On July 18, 2014, the Federal Circuit vacated an opinion of the International Trade Commission that would have required cease-and-desist and consent orders aimed at barring importation of digital data to explicitly reference that data. The Federal Circuit found that the Commission lacked authority under its own rules to review the ALJ’s underlying order, which was not an initial determination. The Federal Circuit also rejected the Commission’s conclusion that there was an historic practice sufficient to put the public on notice that cease-and-desist and consent orders must explicitly reference the digital data they intend to exclude.
This appeal arose out of an enforcement proceeding concerning a consent order in an investigation regarding dental aligners. Certain Incremental Dental Positioning Adjustment Appliances and Methods of Producing Same, Inv. No. 337-TA-562 (Enforcement). In the ‘562 Investigation, instituted in February 2006, Align Technology, Inc. accused OrthoClear, Inc., OrthoClear Holdings, Inc., and OrthoClear Pakistan Pvt., Ltd. (collectively, “OrthoClear”) of infringing patents directed to orthodontic treatments that used three-dimensional digital models of the patient’s teeth. Align and OrthoClear settled, and the parties agreed to terminate the investigation based on a consent order. In October 2006, ALJ Robert Barton Jr. entered the consent order, which the Commission elected not to review. See Inv. No. 337-TA-562, Order 31 (Oct. 27, 2006).
In 2012, the Commission instituted an enforcement proceeding based on Align’s complaint against the successors to the various OrthoClear entities (“Enforcement Respondents”). Align alleged that the Enforcement Respondents had violated the consent order by importing into the United States, offering for sale, or selling digital models used to manufacture dental aligners. See 77 Fed. Reg. 25747 (May 1, 2012). The Enforcement Respondents moved to terminate the proceeding, arguing that the accused conduct did not fall within the scope of the consent order. ALJ Robert Rogers issued Order No. 57 denying the motion, finding that the accused digital models were within the scope of the consent order. See Inv. No. 337-TA-562, Order 57 (Nov. 28, 2012).

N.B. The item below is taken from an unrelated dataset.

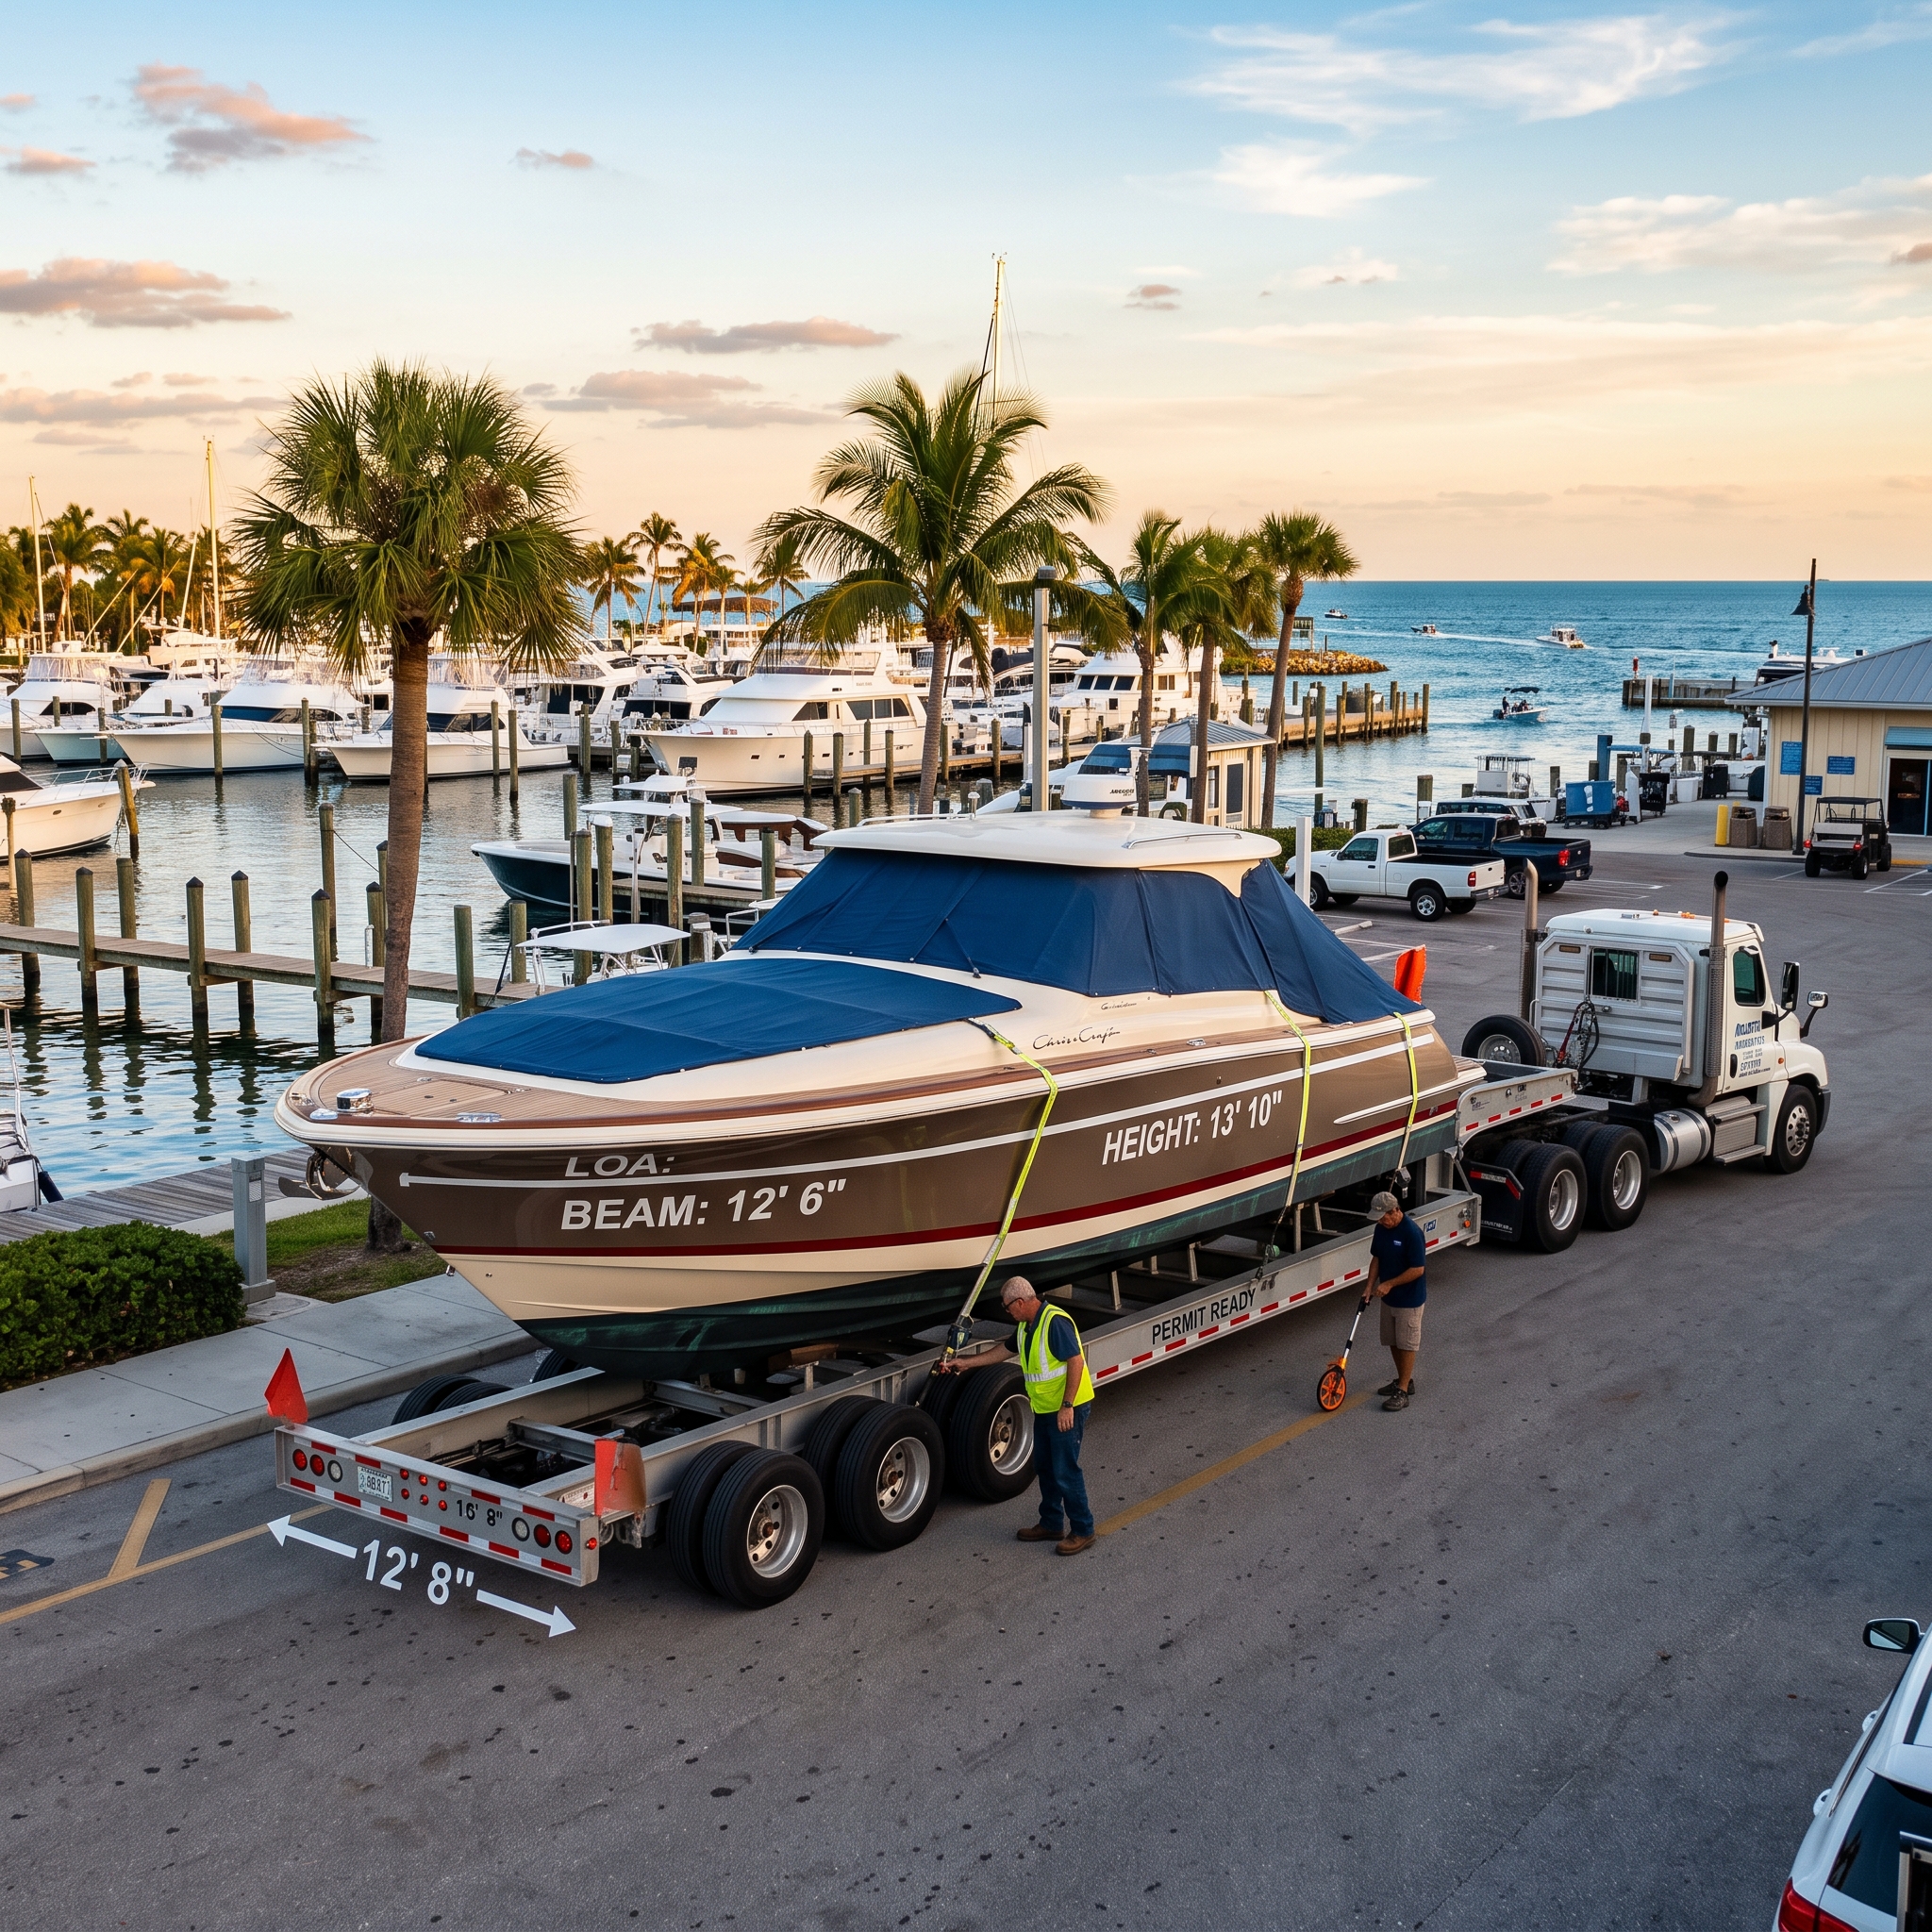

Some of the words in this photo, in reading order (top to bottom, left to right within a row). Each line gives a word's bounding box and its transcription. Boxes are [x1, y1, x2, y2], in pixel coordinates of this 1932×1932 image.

Treating Order No. 57 as an initial determination, the Commission reversed the order and terminated the enforcement proceeding. See 78 Fed. Reg. 2282 (January 10, 2013); and Inv. No. 337-TA-562, Comm. Op. (Feb. 19, 2013). The Commission held that the accused digital models were not covered by the consent order because the order did not contain an express provision prohibiting the electronic transmission of data. See Inv. No. 337-TA-562, Comm. Op. at 10-11 (Feb. 19, 2013). Align appealed. The Federal Circuit vacated the Commission’s decision and remanded.
The Federal Circuit held that the Commission’s own rules prohibited the interlocutory review of Order No. 57. The Court explained that the ALJ’s order denying the Enforcement Respondents’ motion to terminate was not an initial determination and, therefore, was not subject to Commission review under 19 C.F.R. §210.24. The Court rejected the Commission’s argument that it had discretion to construe the order as an initial determination, observing that the Commission has historically declined to treat similar orders as initial determinations.
The Federal Circuit also addressed the question of whether cease-and-desist and consent orders aimed at barring importation of digital data must explicitly reference that digital data. Citing two cease-and-desist orders, the Commission maintained that it has a historic practice of requiring cease-and-desist orders to explicitly reference digital data if those orders are intended to exclude importation of such data. The Commission reasoned that this historic practice logically extended to consent orders as well. The Federal Circuit disagreed with the Commission, finding that (1) the evidence did not establish there was a historic practice of explicitly referencing digital data in cease-and-desist orders, and (2) the cases cited by the Commission were not sufficient to put the public on notice of a requirement to reference digital data.